Vessel-encoded ASL can produce vessel-selective cerebral angiograms, but to separate blood from multiple arteries more images are needed than for standard ASL angiography, which increases scan time. Angiograms are however well suited for under-sampling and compressed sensing reconstruction because of their high intrinsic sparsity. In this work we demonstrate in-vivo that vessel-selective angiograms allow for higher acceleration factors, yielding comparable image quality to conventional angiography with matched scan time using 2D and 3D time-resolved golden angle radial acquisitions. With this optimised acquisition and reconstruction method, scan time of the 3D case can be reduced from 8:35 hours to ~5 minutes.
Arterial spin labelling (ASL) angiography is a non-invasive method for obtaining information about cerebral blood supply1,2. Unlike other angiographic methods, an ASL preparation can be used to create angiograms that show artery specific blood supply. Vessel-encoded (VE) ASL does this in an SNR efficient way3. However, compared with standard ASL, which only requires a single pair of ‘tag’ and ‘control’ images, VE-ASL requires N+1 images, where N is the number of encoded arteries, thus increasing scan time.
Vessel-encoding increases sparsity in angiograms by separating voxels with non-zero intensity across multiple vessel-specific images. Simulations4,5 have shown that compressed sensing (CS)6,7 reconstructions allow higher acceleration (R factors) for VE than non-VE angiograms because of this increased sparsity. In this work we aim to demonstrate this benefit in-vivo, and present a method for acquisition of dynamic VE-ASL angiograms using both 2D and 3D golden angle radial schemes.

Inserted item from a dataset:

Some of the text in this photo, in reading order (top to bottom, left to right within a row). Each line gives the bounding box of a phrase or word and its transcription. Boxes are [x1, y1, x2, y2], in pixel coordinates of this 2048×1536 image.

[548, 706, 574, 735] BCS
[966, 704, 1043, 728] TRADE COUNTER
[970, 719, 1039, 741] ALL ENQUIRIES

The proposed pulse sequence (figure 1) included a pre-saturation module followed by a 1.0 s vessel-encoded pseudo-continuous ASL pulse train8,9. The right and left internal carotid arteries (RICA, LICA) and the basilar artery (BA) were encoded with a 4-cycle Hadamard encoding3. Following each ASL preparation, data were immediately acquired using either a single slab 2D (50 mm thick) or full 3D spoiled gradient echo radial golden angle readout lasting 1.3 s. After each preparation module 108 spokes in k-space were acquired and these were spread across 12 frames in 2D and 6 in 3D, giving temporal resolutions of 105 ms and 209 ms, respectively. Key imaging parameters were: TE/TR = 5.9/11.6 ms, FA = 7°, voxel size = 1.1 mm in-plane (2D), 1.1 mm isotropic (3D), scan time = 5:26 minutes (2D, fully sampled) and 22:14 minutes (3D, R = 23). A fully Nyquist sampled 3D acquisition would take 8:35 hours (requiring 57,906 spokes per frame for each vessel-encoding cycle).

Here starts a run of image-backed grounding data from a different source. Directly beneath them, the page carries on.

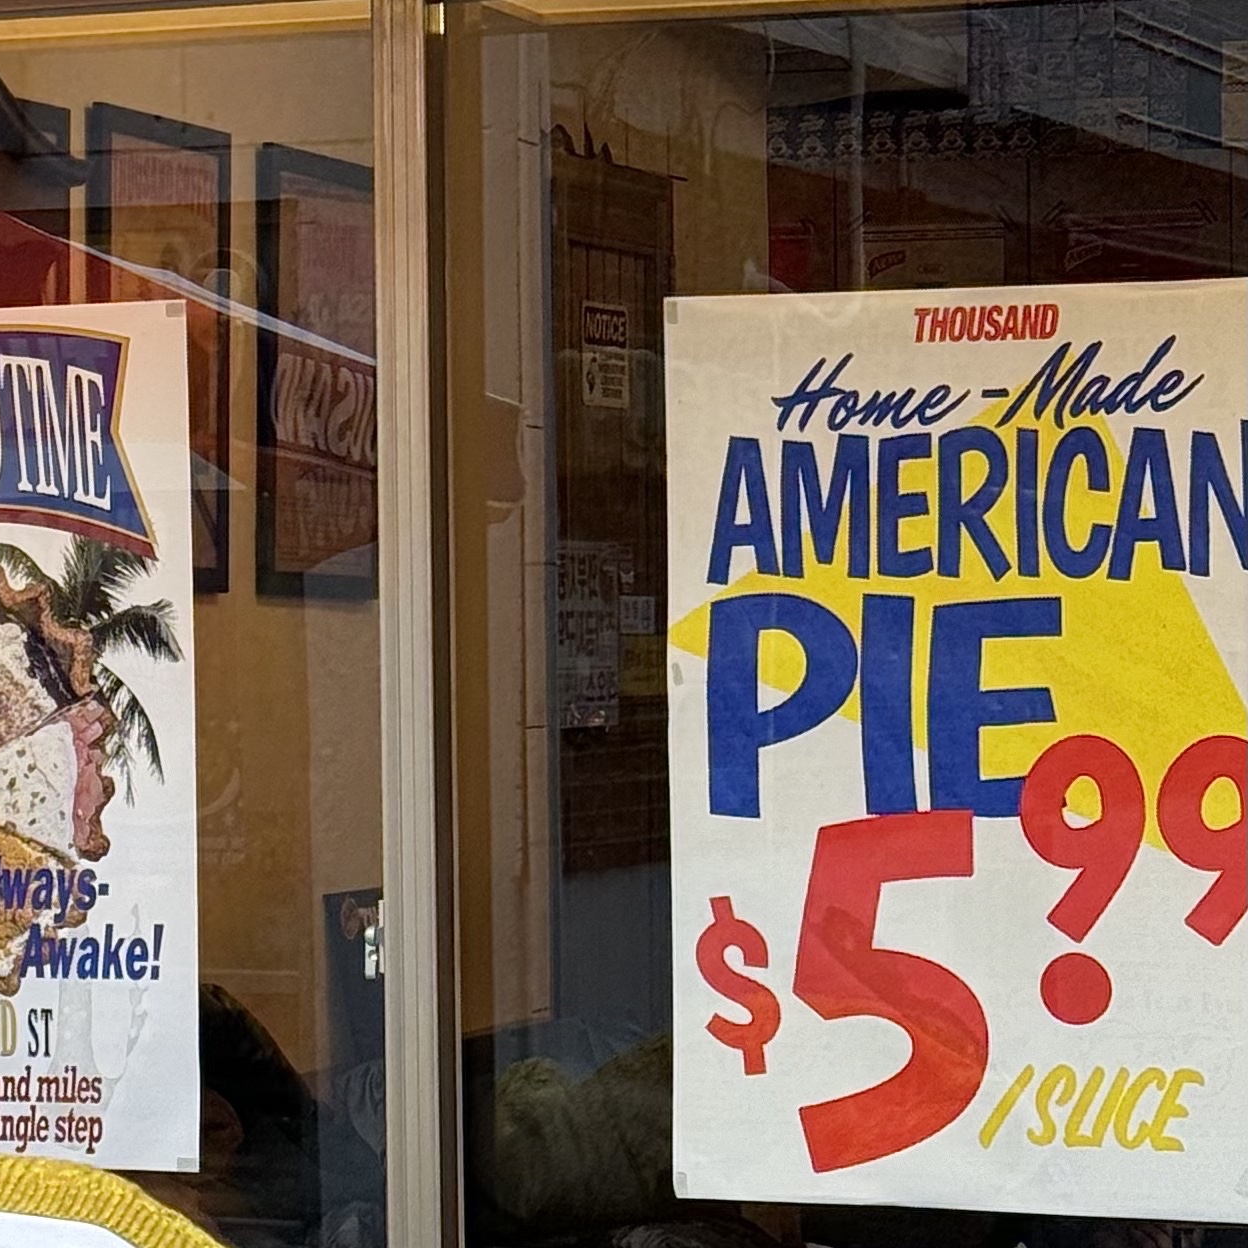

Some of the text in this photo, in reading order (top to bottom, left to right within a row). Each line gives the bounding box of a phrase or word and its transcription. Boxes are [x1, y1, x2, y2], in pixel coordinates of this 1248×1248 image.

[585, 311, 626, 342] NOTICE
[914, 303, 1059, 343] THOUSAND
[706, 419, 1248, 585] AMERICAN
[708, 592, 1062, 818] PIE
[19, 923, 164, 981] Awake!
[26, 1006, 54, 1058] ST
[37, 1067, 103, 1104] miles
[54, 1111, 103, 1155] step
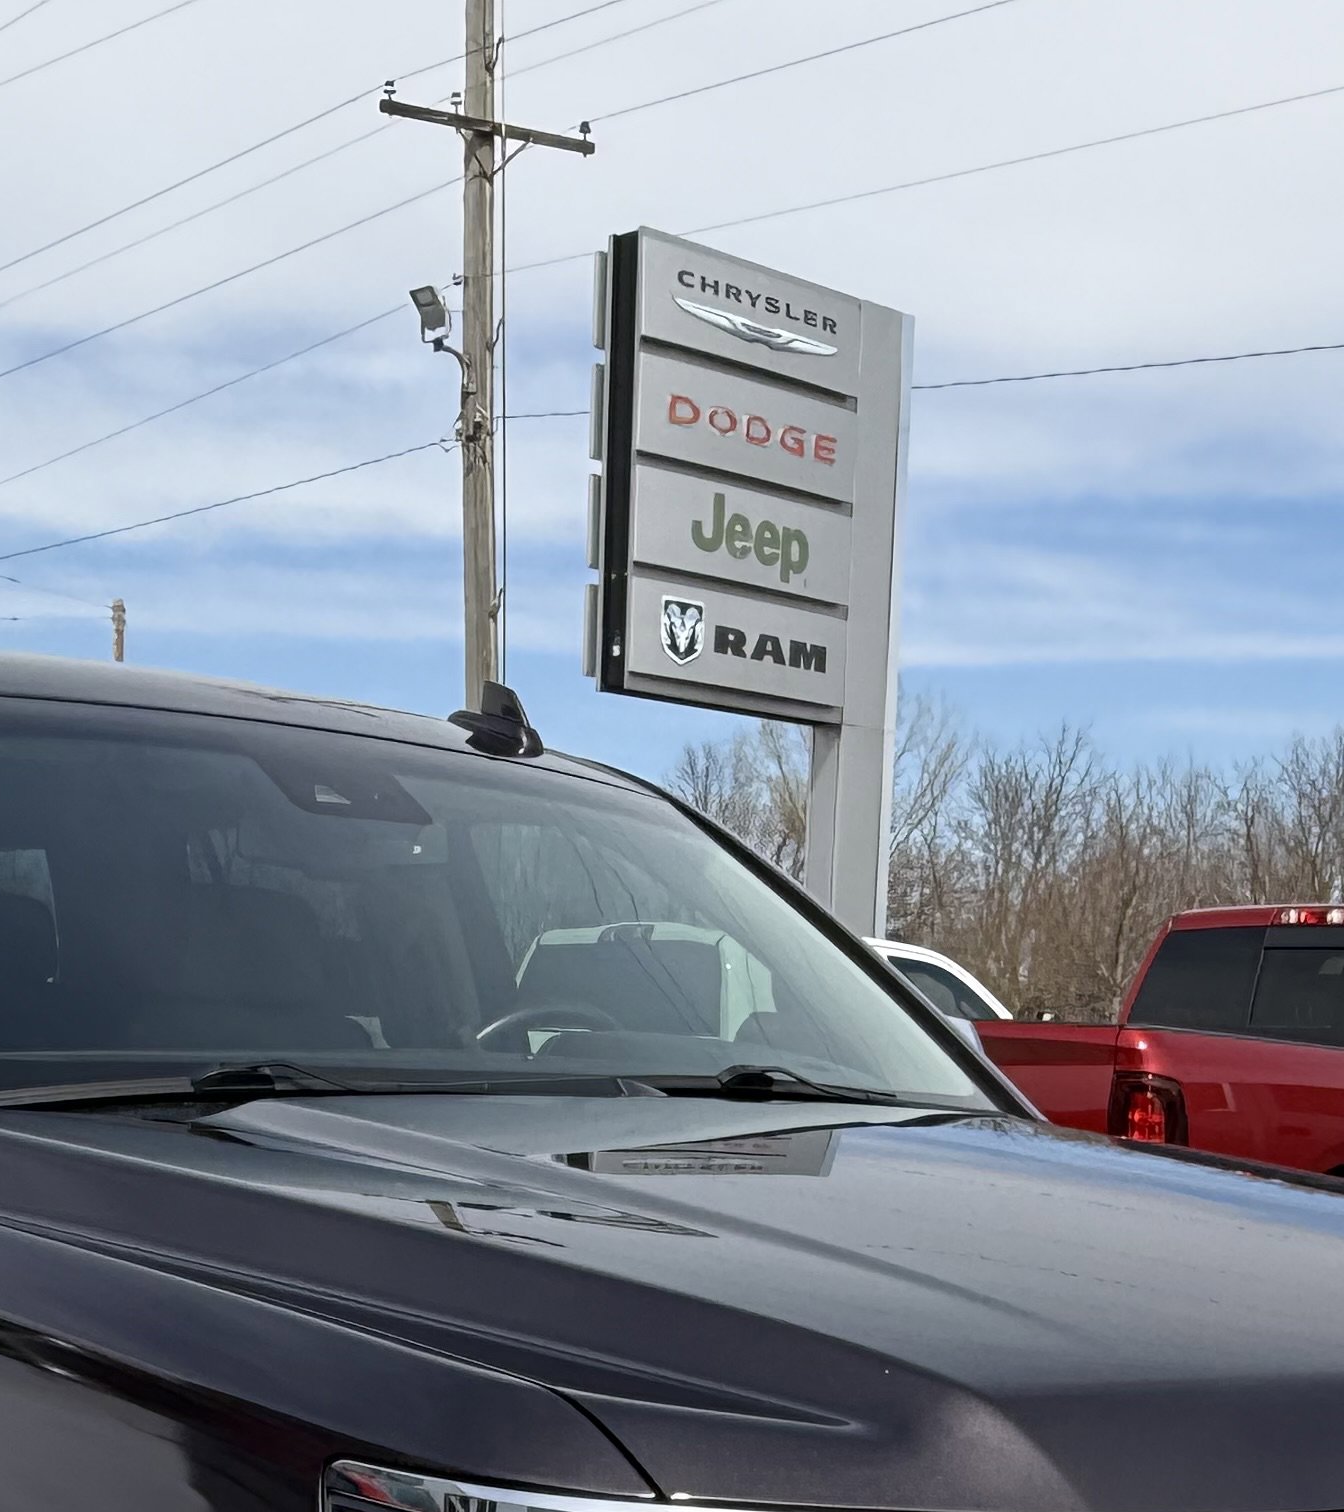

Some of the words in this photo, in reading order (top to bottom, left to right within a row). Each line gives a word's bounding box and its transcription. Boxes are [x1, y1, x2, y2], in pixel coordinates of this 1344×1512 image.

[677, 270, 837, 335] CHRYSLER
[668, 394, 837, 465] DODGE
[691, 493, 809, 582] Jeep
[713, 625, 827, 674] RAM

An iterative reconstruction algorithm (FISTA)10, was used to reconstruct the data in a CS framework using a non-uniform fast Fourier transform11 and coil sensitivity profiles estimated using an adaptive combine approach12. The regularisation factor, 𝜆, was set to optimally weight image sparsity (in the x-t domain) against data consistency.
Imaging was performed on a 3T scanner (Magnetom Verio, Siemens, Erlangen, Germany) on three volunteers (1 F, mean age: 29) in 2D, and on one (M, 27) in 3D. Data with a range of acceleration factors were created using subsets of all acquired spokes. For an acceleration factor R, the data was split into R independent subsets. In 2D, the fully sampled data was used as ground truth and the reconstructions were compared with it using a structural similarity index (SSIM)13 that correlates well with perceptual image quality. SSIM ranges from 0 to 1 and was Fisher transformed to make the underlying distribution more Gaussian for significance testing using a t-test. Non-VE scans were also acquired for the 2D case for time-matched comparison. As no ground truth was available for the 3D case, it was assessed qualitatively.
Both VE and non-VE 2D dynamic angiograms were reconstructed with high SSIM, even at high under-sampling factors. The optimal regularisation factor did not vary considerably across subjects (Figure 2).
Dynamic features were also well preserved across under-sampling factors. Figure 3 shows an example subject and how the vessel intensity is preserved at high acceleration factors.
There was no significant difference between the reconstruction quality of VE images and non-VE images acquired with the same scan time, but the VE-data had a higher variability than the non-VE data (figure 4).
In 3D, detailed angiograms were reconstructed from as little as 5 minutes of acquisition, R= 97 (Figure 5).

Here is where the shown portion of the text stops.